This bill requires the amount of a monthly subsidized guardianship payment
or the initial amount of adoption assistance to be based on the circumstances of the
guardian or adoptive family and the needs of the child, but provides that those

amounts may not exceed the payments received by the guardian or adoptive parents
or the uniform foster care rate, whichever is applicable, for the month preceding the
month in which the guardianship order was granted or at the time the adoption
assistance agreement was signed.
Under current law, when the juvenile court or a tribal court enters an order
terminating parental rights to a child (TPR), the juvenile court or tribal court may
transfer guardianship of the child to DCF, which is then responsible for securing the
adoption of the child. This bill requires DCF, under those circumstances, to seek a
permanent adoptive placement for the child or to seek to enter into a subsidized
guardianship agreement with a proposed guardian of the child.
Current law requires DCF to distribute grants for children's community
programs to counties for the purpose of supplementing payments for the care of
certain individuals residing in foster homes so that those individuals may live in a
family home or other noninstitutional situation after attaining age 18.

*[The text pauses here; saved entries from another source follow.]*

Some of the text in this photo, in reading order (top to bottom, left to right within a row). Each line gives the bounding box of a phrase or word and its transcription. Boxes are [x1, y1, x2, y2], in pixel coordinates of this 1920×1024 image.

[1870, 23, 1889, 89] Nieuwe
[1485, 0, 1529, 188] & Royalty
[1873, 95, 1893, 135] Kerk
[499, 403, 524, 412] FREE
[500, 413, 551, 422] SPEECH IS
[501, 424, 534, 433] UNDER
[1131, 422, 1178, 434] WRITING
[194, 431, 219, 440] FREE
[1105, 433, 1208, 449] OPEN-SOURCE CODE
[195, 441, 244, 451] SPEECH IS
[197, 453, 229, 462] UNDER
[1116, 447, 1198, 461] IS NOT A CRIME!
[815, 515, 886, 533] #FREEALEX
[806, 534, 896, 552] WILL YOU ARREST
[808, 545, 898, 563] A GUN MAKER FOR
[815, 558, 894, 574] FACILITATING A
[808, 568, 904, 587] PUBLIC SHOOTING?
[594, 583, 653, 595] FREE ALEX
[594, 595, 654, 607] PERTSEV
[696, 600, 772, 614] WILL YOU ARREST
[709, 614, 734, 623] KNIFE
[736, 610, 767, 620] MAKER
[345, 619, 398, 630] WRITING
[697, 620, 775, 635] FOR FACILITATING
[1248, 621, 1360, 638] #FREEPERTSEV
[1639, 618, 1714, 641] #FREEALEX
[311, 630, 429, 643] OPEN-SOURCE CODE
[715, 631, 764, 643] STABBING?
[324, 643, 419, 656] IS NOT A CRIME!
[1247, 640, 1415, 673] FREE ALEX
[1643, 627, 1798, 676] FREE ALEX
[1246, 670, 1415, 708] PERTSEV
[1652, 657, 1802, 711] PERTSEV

This bill provides that a county is eligible to receive funding for that purpose
only if the county received such funding in fiscal year 2012-13. In addition, the bill
requires DCF to distribute grants for children's community programs to counties for
the purpose of assisting individuals who attain the age of 18 while residing in
out-of-home care to make the transition from out-of-home care to independent
living.
Under current law, DCF provides funding from various appropriations to the
Indian tribes of this state for various tribal family services, including tribal
adolescent services, domestic abuse services, child care services, and child welfare
services. This bill consolidates funding for those various tribal family services into
a single appropriation, permits DCF to distribute tribal family services grants from
that appropriation to the elected governing bodies of those Indian tribes, and permits
such an elected governing body to expend the grant moneys as determined by that
body.
Under current law, the Child Abuse and Neglect Prevention Board (CANPB)

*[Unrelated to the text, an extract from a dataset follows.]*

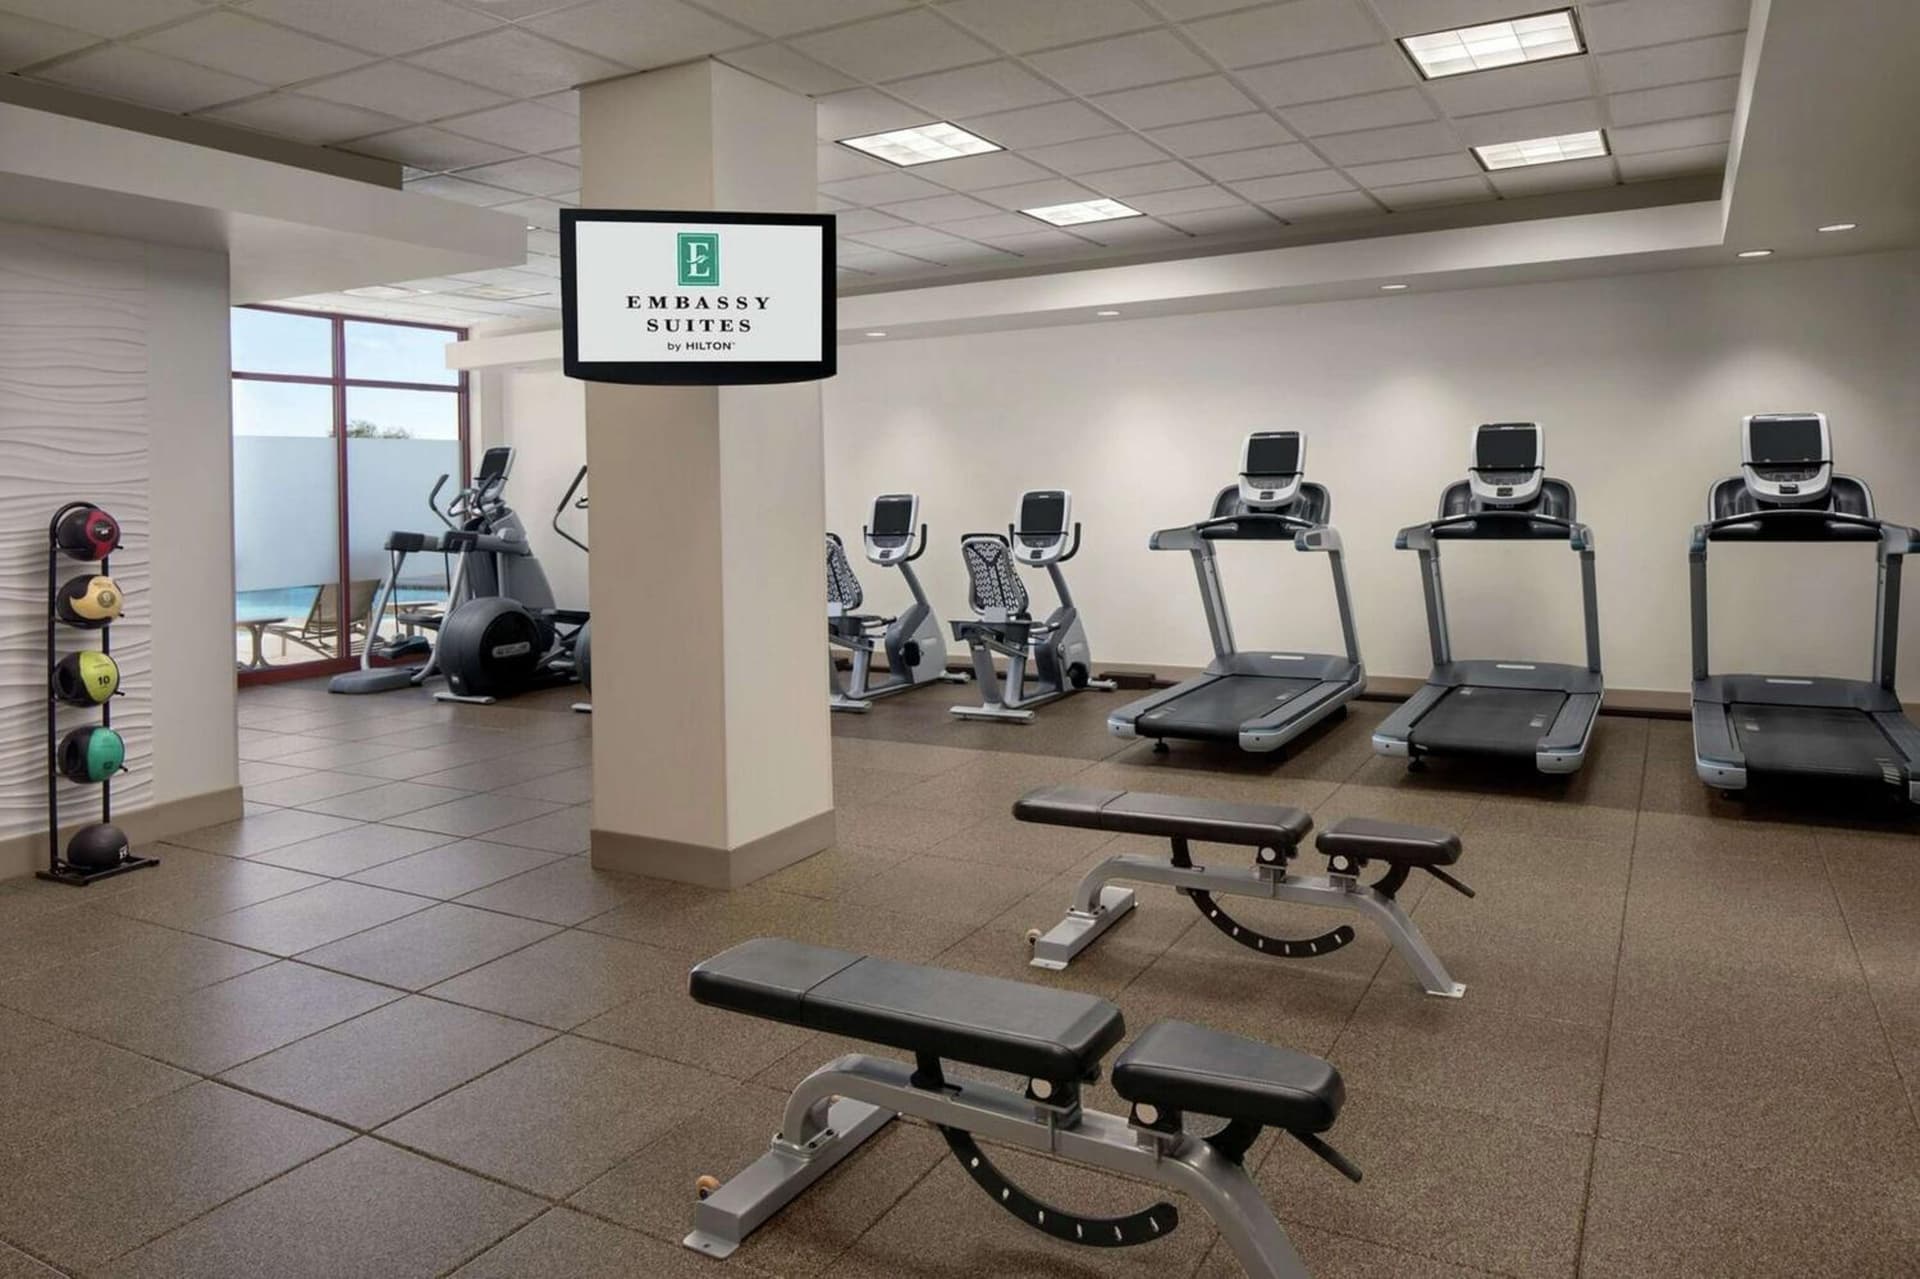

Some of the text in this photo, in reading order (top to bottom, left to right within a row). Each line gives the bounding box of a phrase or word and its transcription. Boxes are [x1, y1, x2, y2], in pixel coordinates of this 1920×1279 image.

may award grants to organizations to fund programs that provide direct parent
education, family support, and referrals to other social services and outreach
programs (family resource center grants). Current law prohibits an organization
from receiving family resource center grants totaling more than $150,000 in any year
and prohibits the CANPB from allocating more than $150,000 in a fiscal year for
family resource center grants to organizations located in Milwaukee County. This
bill eliminates those caps.
Under current law, CANPB is attached to DCF for administrative purposes.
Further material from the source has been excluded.